Provided data below:
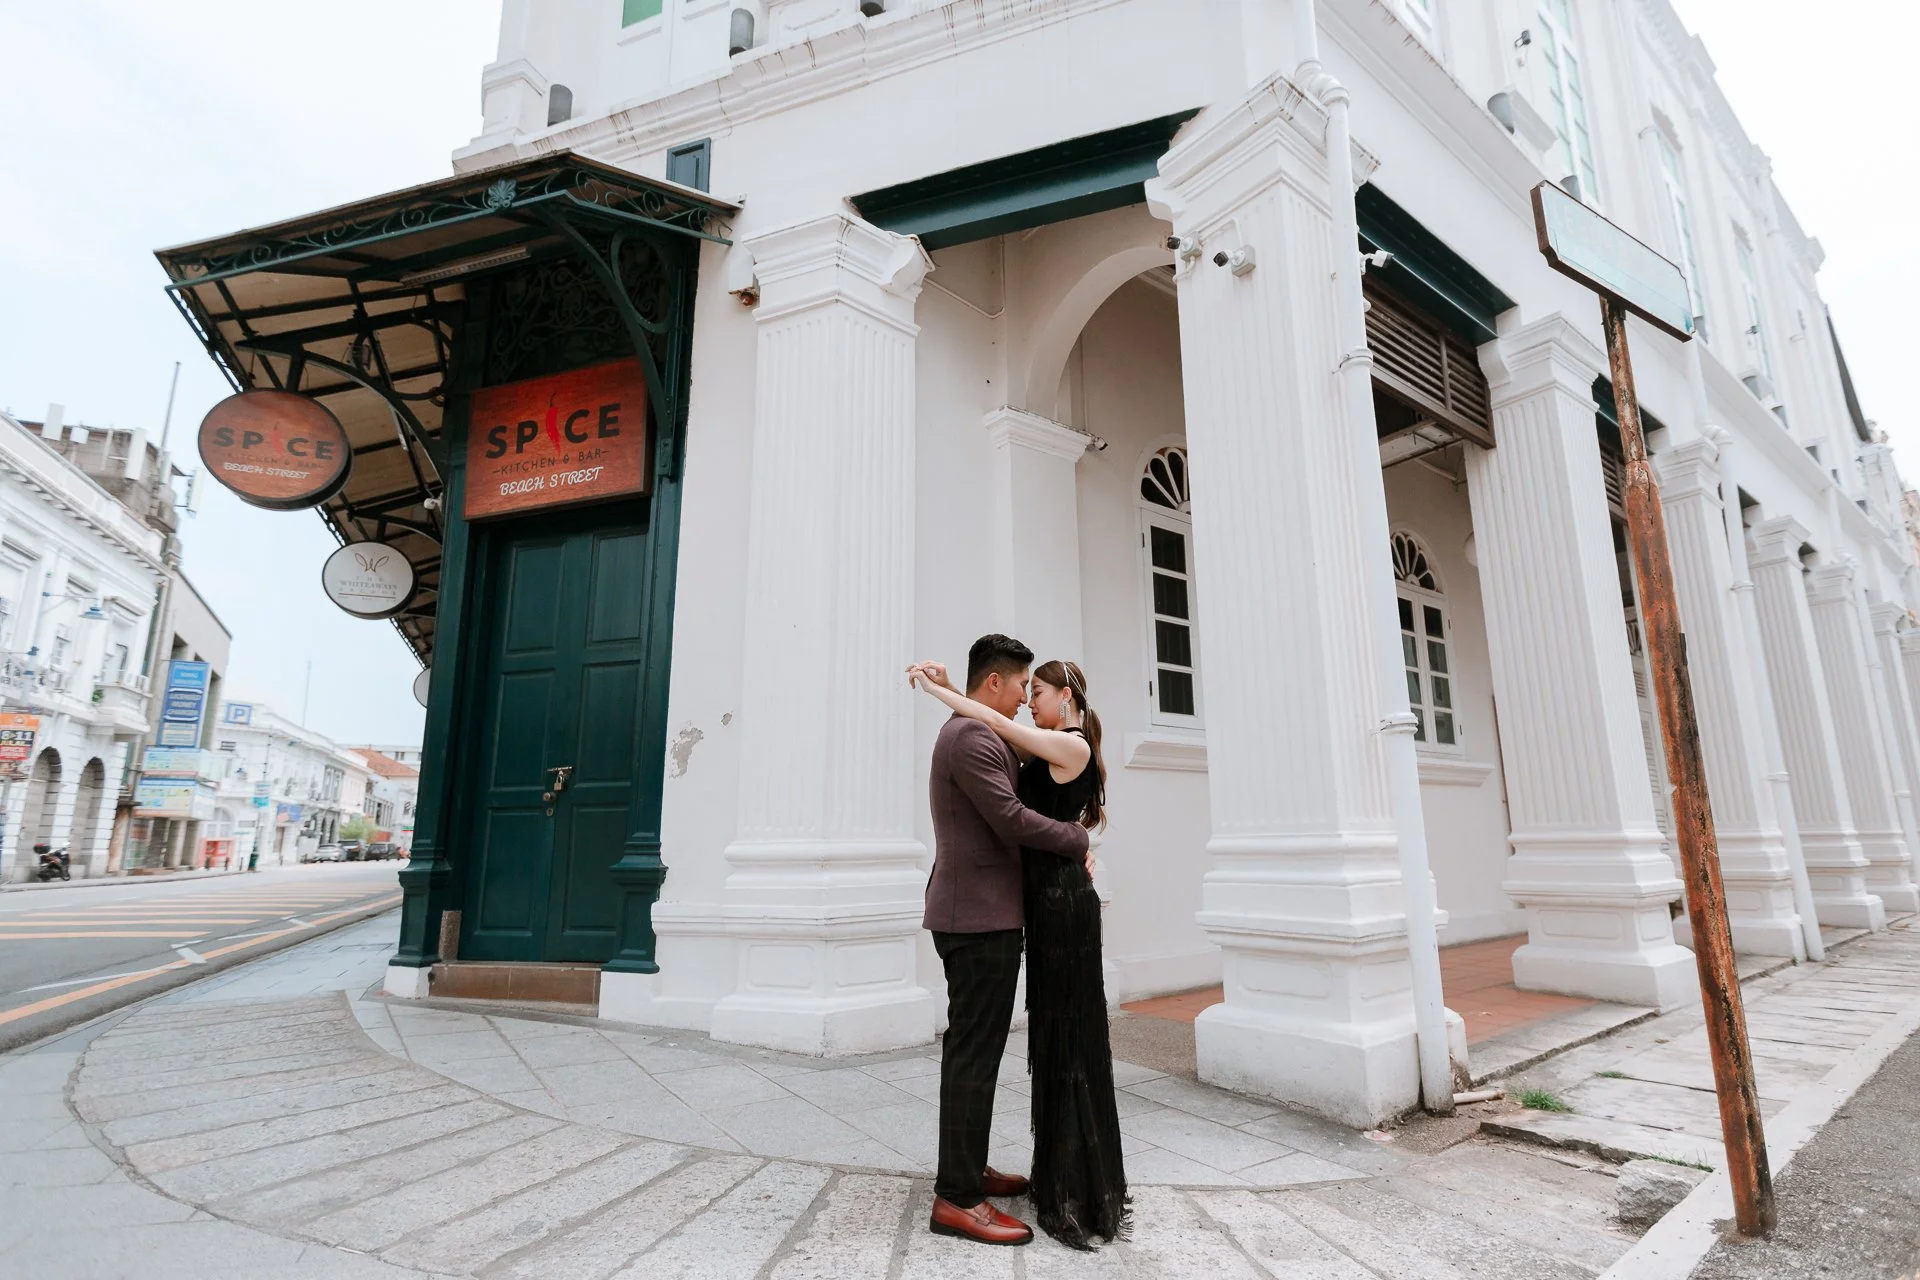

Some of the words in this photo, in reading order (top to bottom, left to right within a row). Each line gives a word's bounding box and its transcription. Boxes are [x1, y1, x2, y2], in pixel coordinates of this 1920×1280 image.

[265, 467, 311, 481] STREET
[500, 476, 545, 496] BEACH
[549, 466, 604, 488] STREET
[234, 708, 246, 720] P
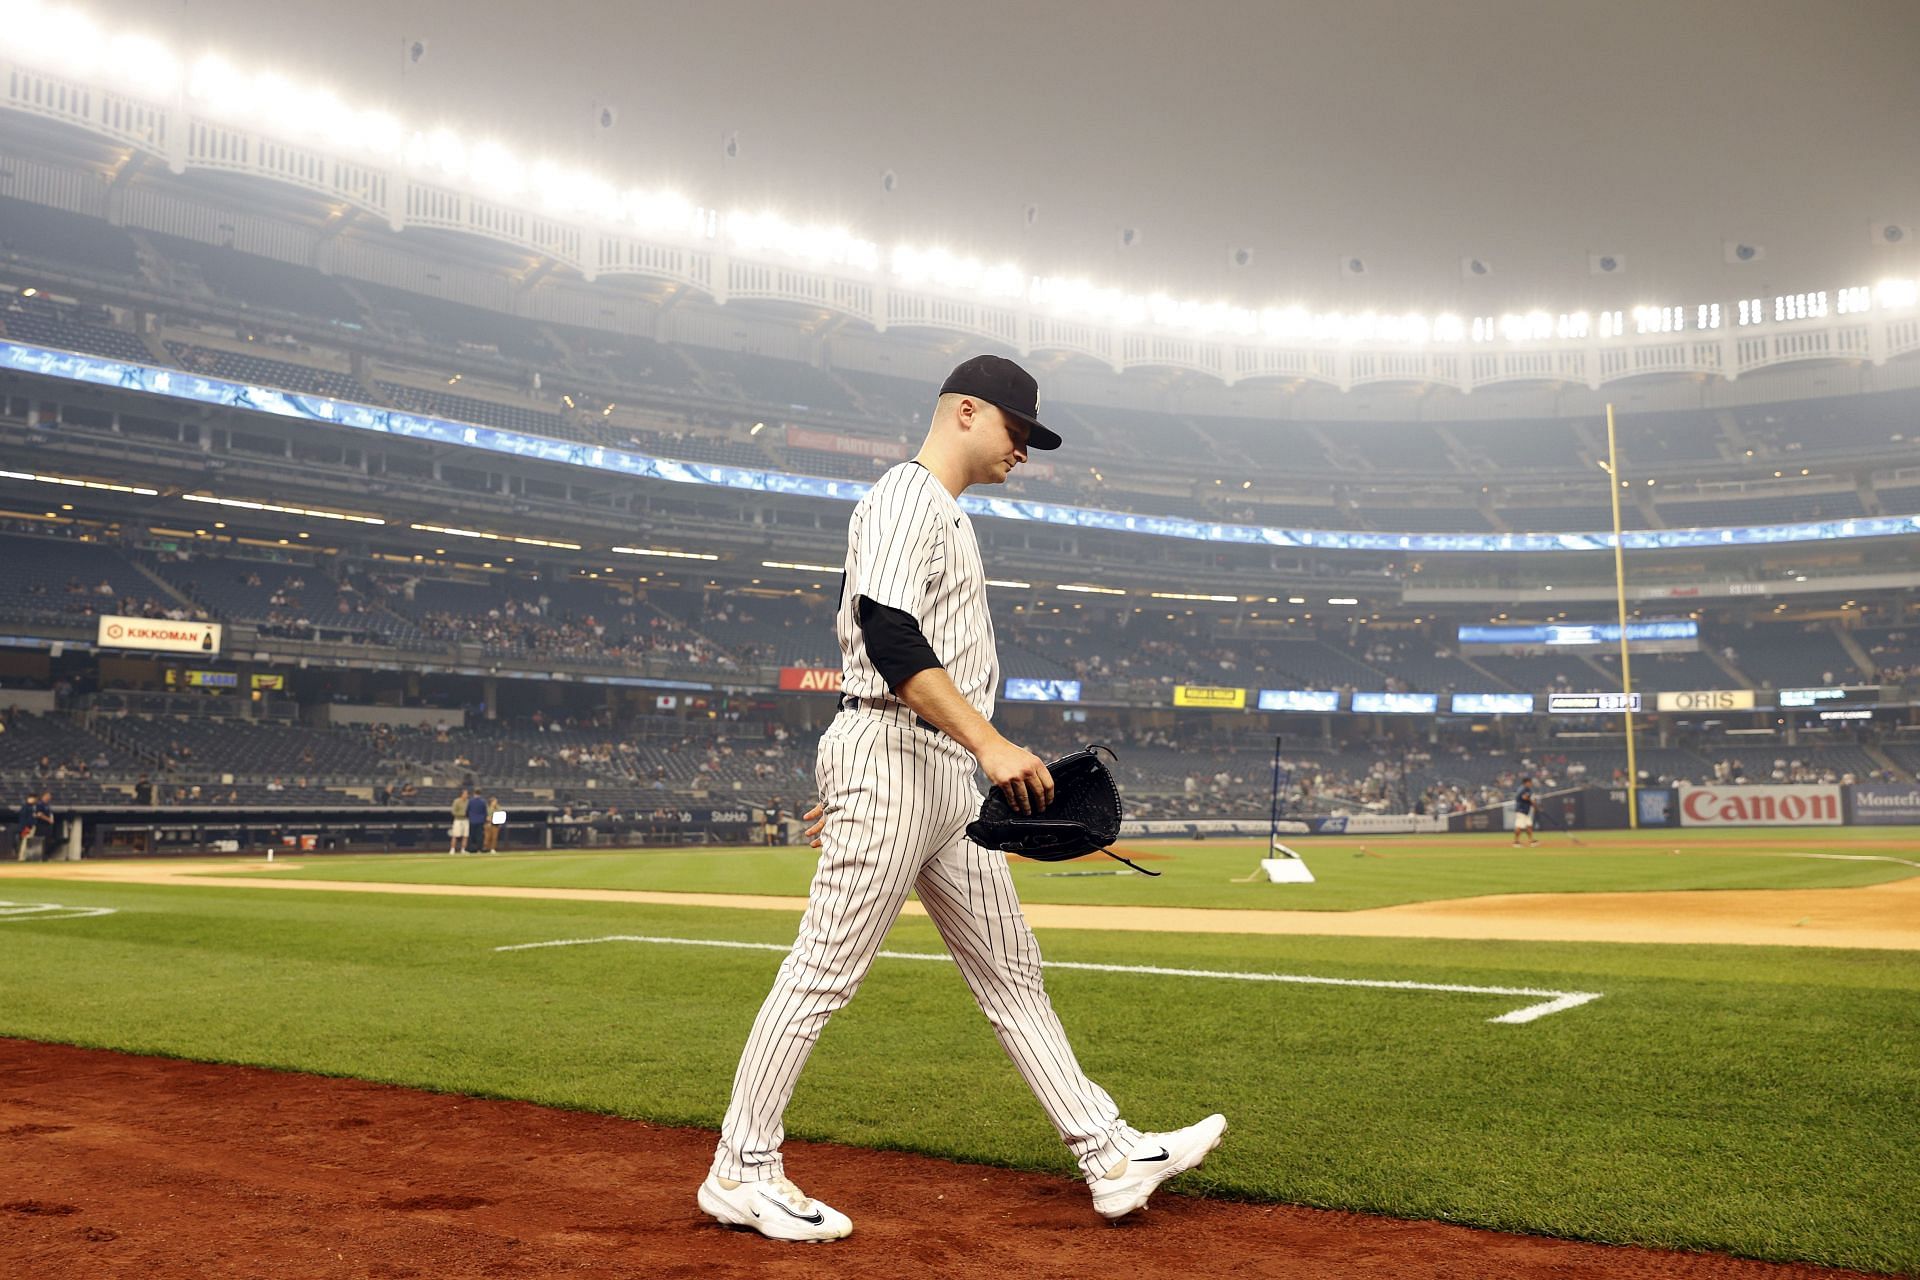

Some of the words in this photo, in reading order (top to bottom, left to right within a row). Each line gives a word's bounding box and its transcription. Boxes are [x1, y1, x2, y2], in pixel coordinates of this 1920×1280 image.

[836, 437, 870, 455] PARTY
[128, 628, 198, 641] KIKKOMAN
[800, 669, 842, 690] AVIS
[1676, 692, 1734, 709] ORIS
[1683, 790, 1836, 821] Canon
[712, 810, 748, 822] StubHub
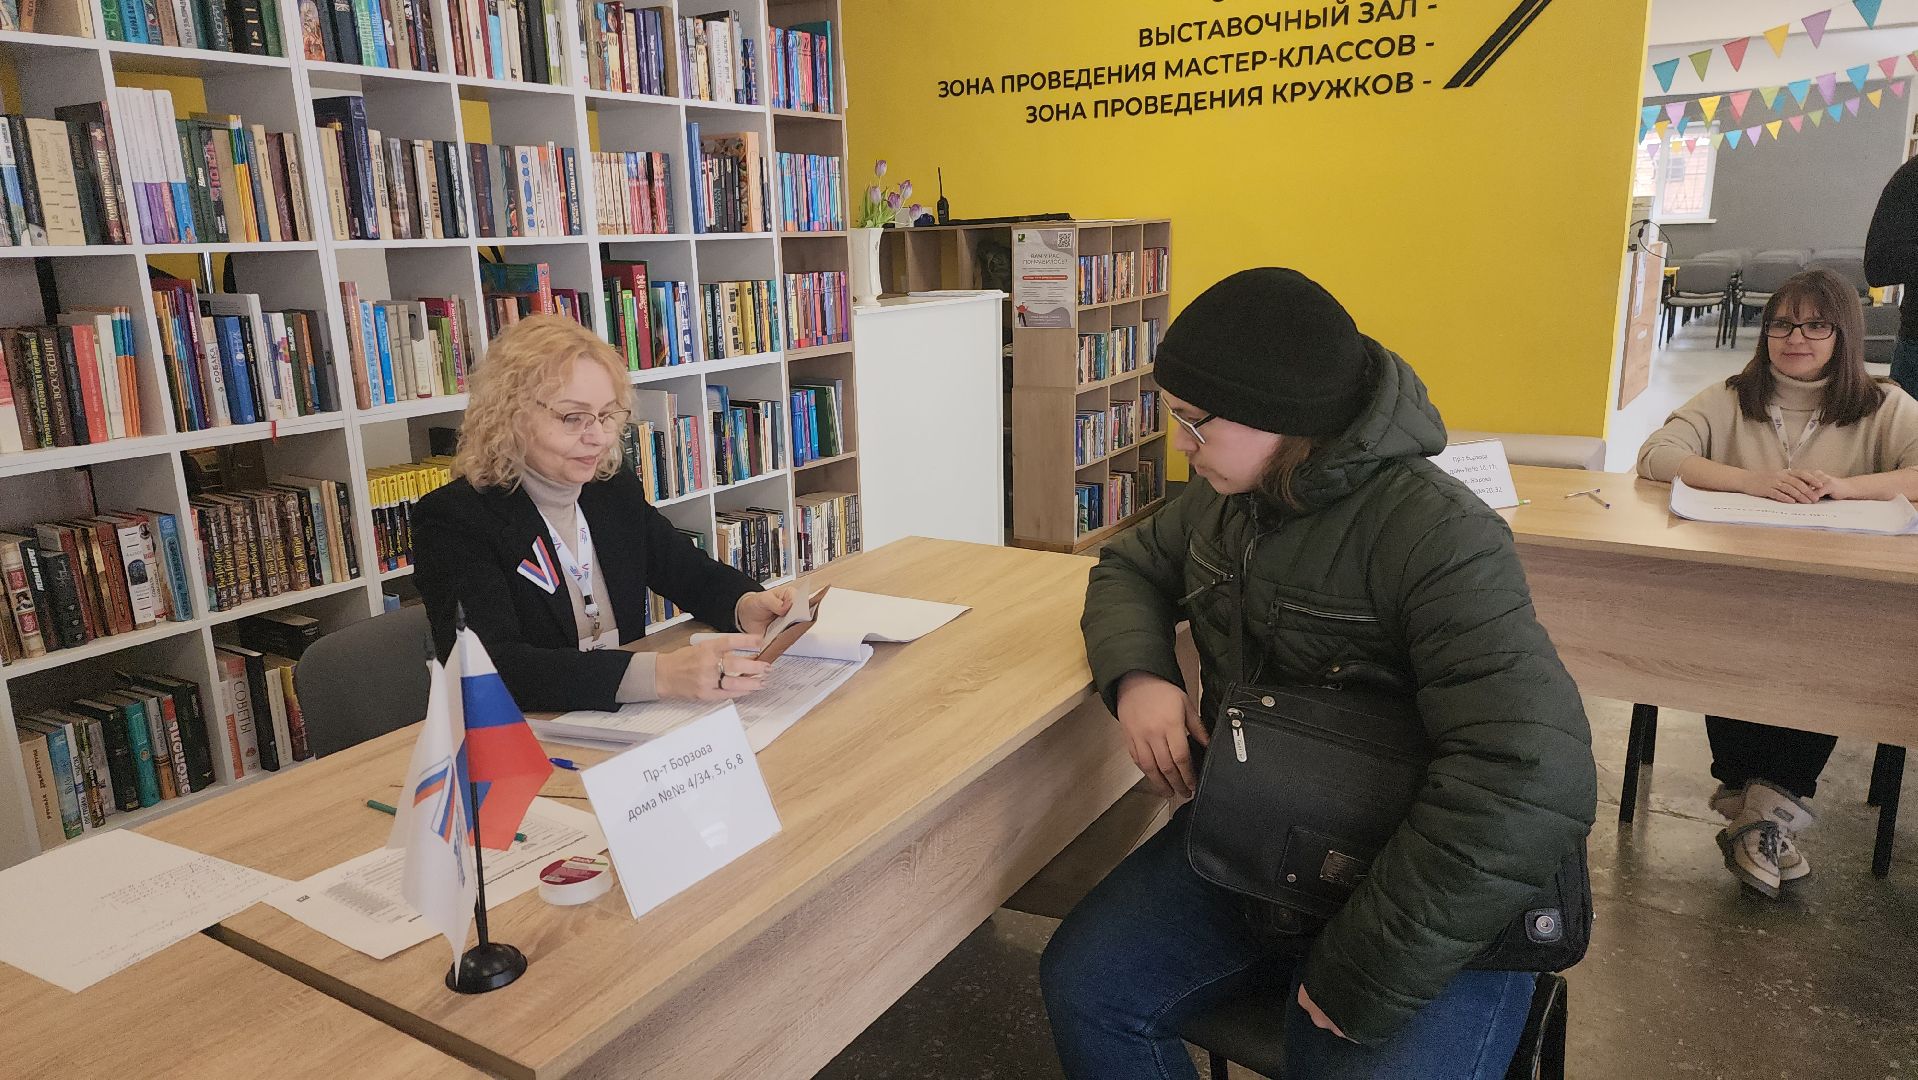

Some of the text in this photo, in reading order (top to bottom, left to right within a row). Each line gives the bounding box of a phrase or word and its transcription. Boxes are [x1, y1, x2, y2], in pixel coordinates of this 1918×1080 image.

[1139, 0, 1350, 48] ВЫСТАВОЧНЫЙ
[1357, 0, 1417, 24] ЗАЛ
[937, 76, 995, 99] ЗОНА
[1001, 61, 1156, 94] ПРОВЕДЕНИЯ
[1164, 34, 1416, 80] МАСТЕР-КЛАССОВ
[1025, 101, 1088, 124] ЗОНА
[1093, 86, 1263, 119] ПРОВЕДЕНИЯ
[1272, 71, 1414, 105] КРУЖКОВ
[44, 337, 62, 399] ВОСКРЕСЕНИЕ
[208, 347, 221, 383] СОБАКА
[233, 680, 252, 735] СОВЕТЫ
[627, 797, 658, 823] дома
[726, 757, 738, 772] 6,
[736, 752, 745, 765] 8
[642, 743, 714, 784] Пр-т Борзова
End of Provided data.
Your assignment: With the pictures set aside, copy each line above as written.

Exercise answer:
Some of the words in this photo, in reading order (top to bottom, left to right within a row). Each line gives a word's bounding box and its transcription. Boxes are [x1, y1, x2, y2], in pixel coordinates of this 1920×1280 image.

[265, 467, 311, 481] STREET
[500, 476, 545, 496] BEACH
[549, 466, 604, 488] STREET
[234, 708, 246, 720] P

Some of the words in this photo, in reading order (top to bottom, left to right within a row). Each line gives a word's bounding box and its transcription. Boxes are [x1, y1, x2, y2], in pixel coordinates of this 1920×1280 image.

[836, 437, 870, 455] PARTY
[128, 628, 198, 641] KIKKOMAN
[800, 669, 842, 690] AVIS
[1676, 692, 1734, 709] ORIS
[1683, 790, 1836, 821] Canon
[712, 810, 748, 822] StubHub

Some of the text in this photo, in reading order (top to bottom, left to right within a row). Each line gives the bounding box of a phrase or word and its transcription. Boxes are [x1, y1, x2, y2], in pixel coordinates of this 1918×1080 image.

[1139, 0, 1350, 48] ВЫСТАВОЧНЫЙ
[1357, 0, 1417, 24] ЗАЛ
[937, 76, 995, 99] ЗОНА
[1001, 61, 1156, 94] ПРОВЕДЕНИЯ
[1164, 34, 1416, 80] МАСТЕР-КЛАССОВ
[1025, 101, 1088, 124] ЗОНА
[1093, 86, 1263, 119] ПРОВЕДЕНИЯ
[1272, 71, 1414, 105] КРУЖКОВ
[44, 337, 62, 399] ВОСКРЕСЕНИЕ
[208, 347, 221, 383] СОБАКА
[233, 680, 252, 735] СОВЕТЫ
[627, 797, 658, 823] дома
[726, 757, 738, 772] 6,
[736, 752, 745, 765] 8
[642, 743, 714, 784] Пр-т Борзова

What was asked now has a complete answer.